Pierre Cardin is known for avant-garde style and space age designs. It prefers geometric shapes and motifs, often ignoring the female form. It advances into unisex fashions, sometimes experimental, and not always practical. Pierre Cardin's empire rapidly expanded past fashion frontiers to accessories, furniture, art and environment. With 900 licenses spread out through 140 countries, the Pierre Cardin trademark is considered one of the most powerful in the world. Pierre Cardin offers fashion and style without sacrificing function, durability and customer service.
Makers:
They’re practical, down to earth, self sufficient people who like to work with their hands. They seek Indian made products with a practical or functional purpose. Here we take the example of Amul. Amul was set up in 1946 and its full form is Anand Milk- producers Union Ltd. The Brand Amul is a movement in dairy cooperative in India. The management of the brand name is done by the Gujarat Co- operative Milk Marketing Federation Ltd (GCMMF) which is a cooperative organization. 

Survivors:
They’re elderly, passive people concerned about change and loyal to their favourite brands. Parle Products has been India's largest manufacturer of biscuits and confectionery for almost 80 years. Makers of the world's largest selling biscuit, Parle-G, and a host of other very popular brands, the Parle name symbolizes quality, nutrition and great taste. With a reach spanning even to the remotest villages of India, the company has definitely come a very long way since its inception.
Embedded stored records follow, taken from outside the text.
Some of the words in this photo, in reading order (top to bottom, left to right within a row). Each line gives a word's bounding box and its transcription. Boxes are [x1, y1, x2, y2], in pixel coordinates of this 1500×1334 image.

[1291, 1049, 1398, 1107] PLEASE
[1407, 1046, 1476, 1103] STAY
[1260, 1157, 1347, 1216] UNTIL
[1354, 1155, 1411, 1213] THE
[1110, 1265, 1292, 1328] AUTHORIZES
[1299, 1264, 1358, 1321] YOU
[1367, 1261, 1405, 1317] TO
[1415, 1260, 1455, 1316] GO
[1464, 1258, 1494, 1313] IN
Many of the Parle products - biscuits or confectioneries, are market leaders in their category and have won acclaim at the Monde Selection, since 1971. With a 40% share of the total biscuit market and a 15% share of the total confectionary market in India, Parle has grown to become a multi-million dollar company. While to the consumers it's a beacon of faith and trust, competitors look upon Parle as an example of marketing brilliance.